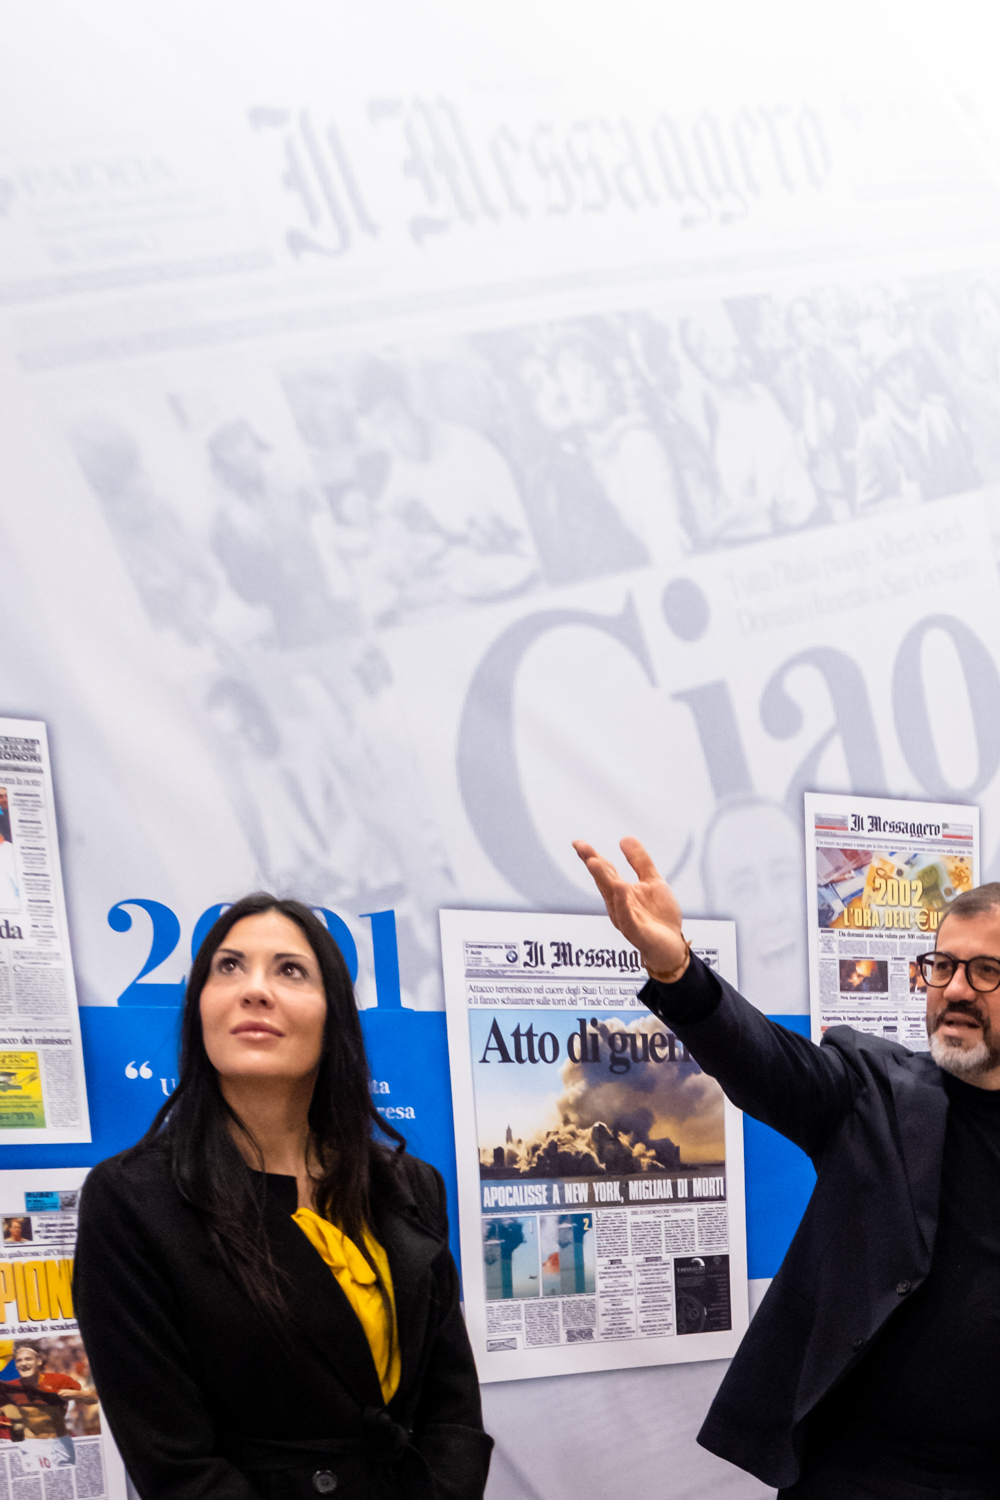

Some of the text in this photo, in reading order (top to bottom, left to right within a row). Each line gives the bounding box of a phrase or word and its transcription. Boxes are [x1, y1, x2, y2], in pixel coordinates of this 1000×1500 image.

[851, 814, 941, 838] Il Messaggero
[874, 878, 923, 907] 2002
[844, 908, 880, 928] L'ORA
[107, 898, 415, 1011] 21
[523, 940, 546, 968] Il
[479, 1017, 560, 1064] Atto
[567, 1017, 600, 1063] di
[483, 1177, 724, 1207] APOCALISSE A NEW YORK, MIGLIAIA DI MORTI
[583, 1218, 590, 1230] 2
[0, 1258, 75, 1325] PION
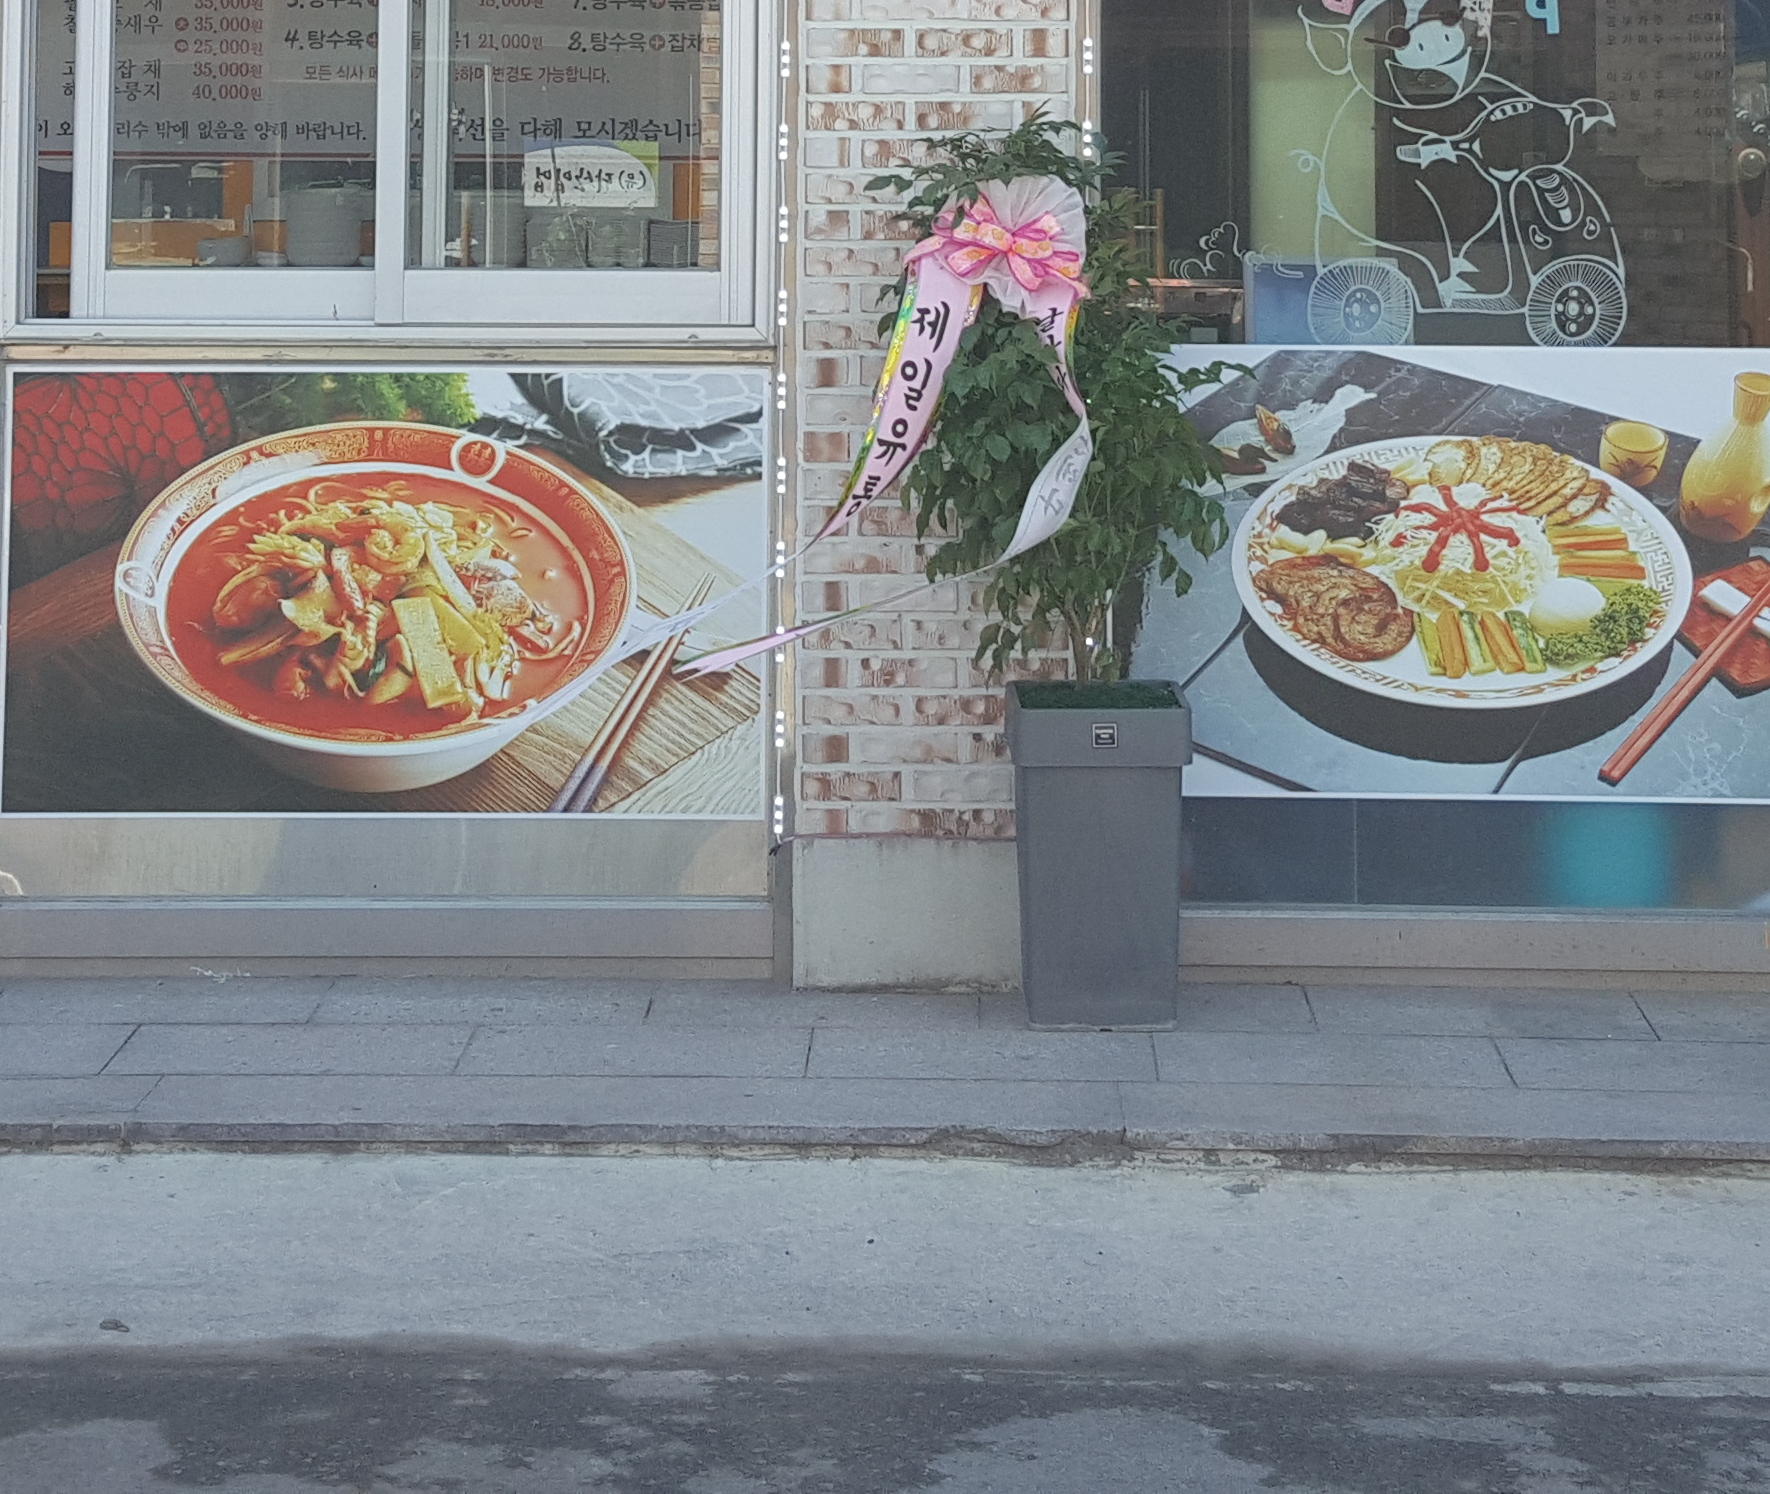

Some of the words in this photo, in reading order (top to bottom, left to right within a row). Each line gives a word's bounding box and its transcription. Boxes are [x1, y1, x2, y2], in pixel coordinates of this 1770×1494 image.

[305, 65, 332, 81] 모든
[336, 65, 362, 81] 식사
[155, 120, 188, 140] 밖에
[198, 120, 247, 140] 없음을
[255, 121, 287, 141] 양해
[296, 121, 367, 141] 바랍니다.
[519, 116, 563, 143] 다해
[846, 300, 951, 518] 제일유통

■ WORK REQUIRED: The material above is to be output exactly, with each picture left out.

■ TASK RESPONSE:
Some of the text in this photo, in reading order (top to bottom, left to right within a row). Each line gives the bounding box of a phrase or word and its transcription. Boxes are [x1, y1, x2, y2], in pixel coordinates of this 1000×1500 image.

[851, 814, 941, 838] Il Messaggero
[874, 878, 923, 907] 2002
[844, 908, 880, 928] L'ORA
[107, 898, 415, 1011] 21
[523, 940, 546, 968] Il
[479, 1017, 560, 1064] Atto
[567, 1017, 600, 1063] di
[483, 1177, 724, 1207] APOCALISSE A NEW YORK, MIGLIAIA DI MORTI
[583, 1218, 590, 1230] 2
[0, 1258, 75, 1325] PION

Some of the words in this photo, in reading order (top to bottom, left to right within a row). Each line gives a word's bounding box and its transcription. Boxes are [x1, y1, x2, y2], in pixel coordinates of this 1770×1494 image.

[305, 65, 332, 81] 모든
[336, 65, 362, 81] 식사
[155, 120, 188, 140] 밖에
[198, 120, 247, 140] 없음을
[255, 121, 287, 141] 양해
[296, 121, 367, 141] 바랍니다.
[519, 116, 563, 143] 다해
[846, 300, 951, 518] 제일유통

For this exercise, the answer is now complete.